# Computing coverage probabilities¶

Of Bayesian and Frequentist intervals with NumPy and Numba

by Hans Dembinski, Max Planck Institute for Nuclear Physics, Heidelberg

## Overview¶

• Coverage probability important concept in high energy physics
• Universal "yardstick" to compare different methods to compute uncertainty intervals and limits
• In particular: Frequentist and Bayesian methods
• No objections to Bayesian intervals if intervals have coverage
• Published uncertainty intervals should always have 68% ("1 sigma") coverage probability

## This talk¶

• How to compute coverage probability for various uncertainty intervals for measured efficiencies
• Challenge: No perfect interval with exact coverage, only approximate coverage
• Same problem for all discrete distributions (Poisson, binomial, ...)
In [1]:
%matplotlib inline

In [2]:
# setup notebook

# !pip install numpy matplotlib numba

# Also a ROOT installation is needed with PyROOT support.
# These results were generated with ROOT-6.14.

import numpy as np
import matplotlib.pyplot as plt
plt.rcParams["font.size"] = 20

import ROOT
TE = ROOT.TEfficiency

Welcome to JupyROOT 6.18/04


## What is coverage?¶

• Let look at typical plot of histogram with error bars
• Will see what coverage probability is and why it is useful
In [3]:
# generate some random data
np.random.seed(1)
x = np.random.rand(6000)
# compute histogram to get counts in bins (counts are Poisson-distributed)
w, xe = np.histogram(x, bins=20, range=(0, 1))

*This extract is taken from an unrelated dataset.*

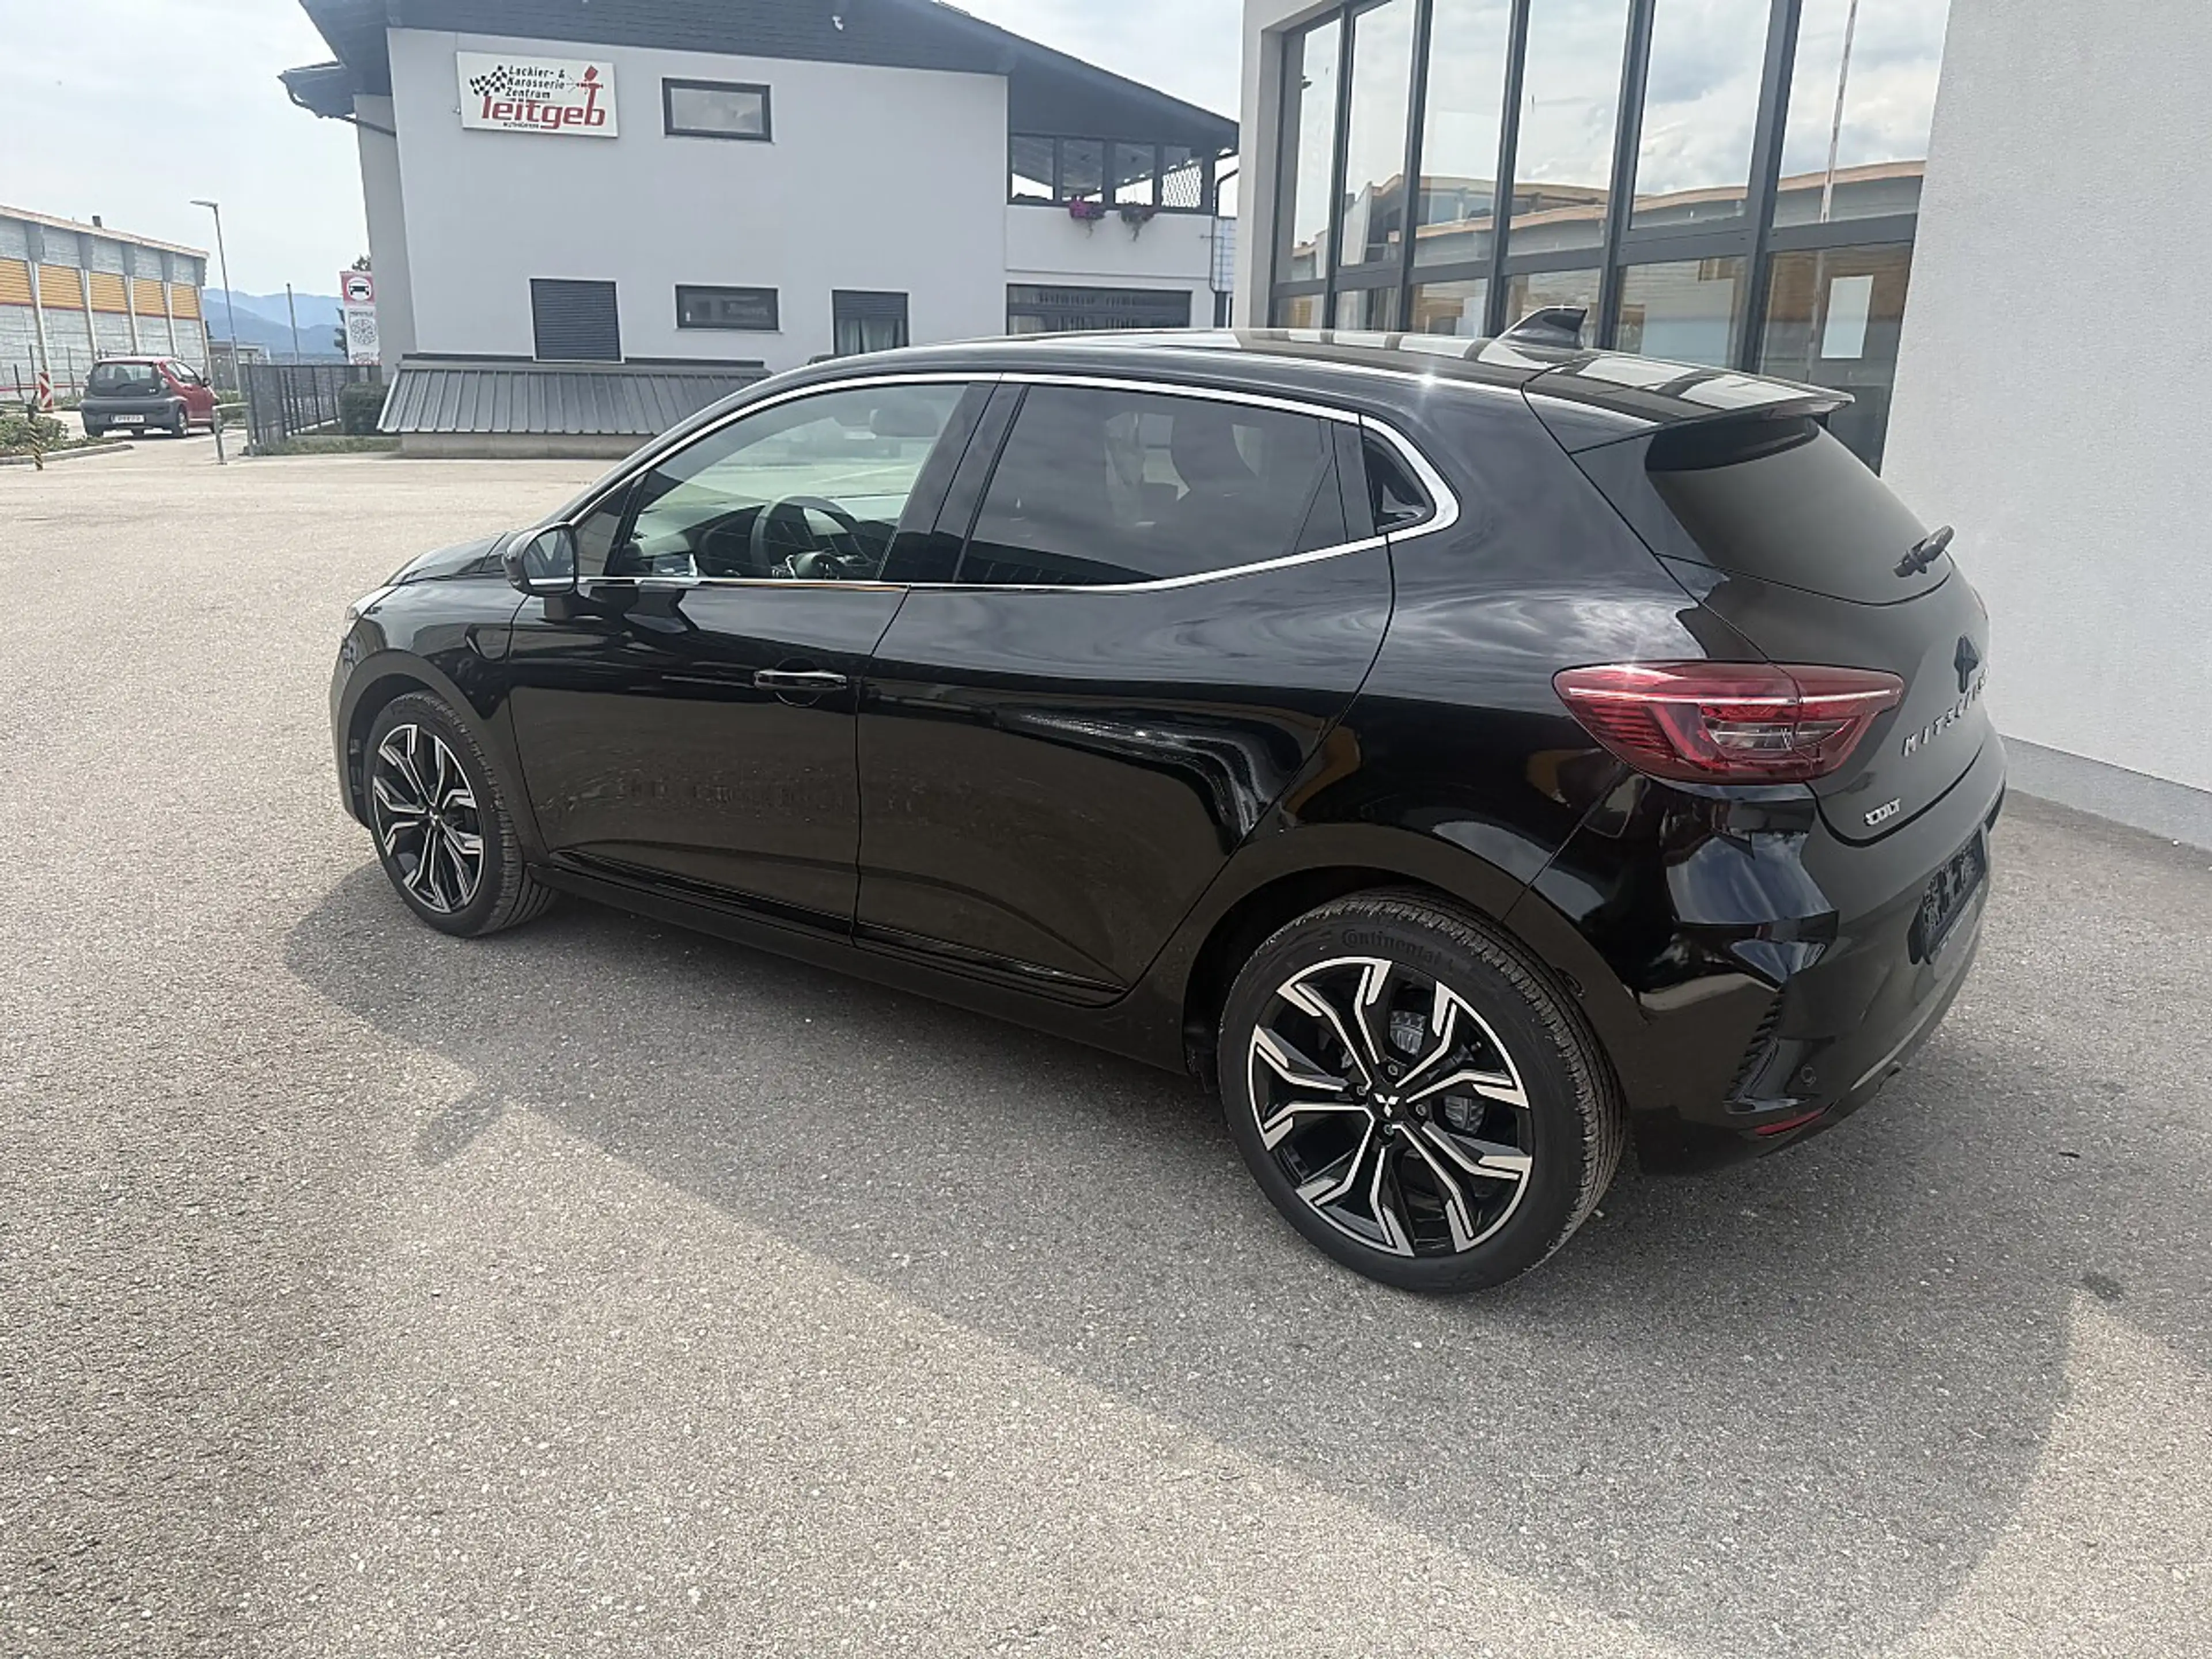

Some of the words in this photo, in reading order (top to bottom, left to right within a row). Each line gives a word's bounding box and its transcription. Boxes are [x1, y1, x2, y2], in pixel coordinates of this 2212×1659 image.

# you all know the sqrt(N) estimate for counts
wsigma = w ** 0.5

In [4]:
# draw data
cx = 0.5 * (xe[1:] + xe[1:])
plt.errorbar(cx, w, wsigma, fmt="o")

# draw expectation: number of counts / number of bins
expectation = len(x) / len(w)
plt.axhline(expectation, color="r")

# compute coverage probability: fraction of points 1 sigma away from expectation
mask = np.abs(w - expectation) < wsigma
p_coverage = np.sum(mask) * 1.0 / len(w)
plt.title("coverage probability = %.2f" % p_coverage, y=1.03)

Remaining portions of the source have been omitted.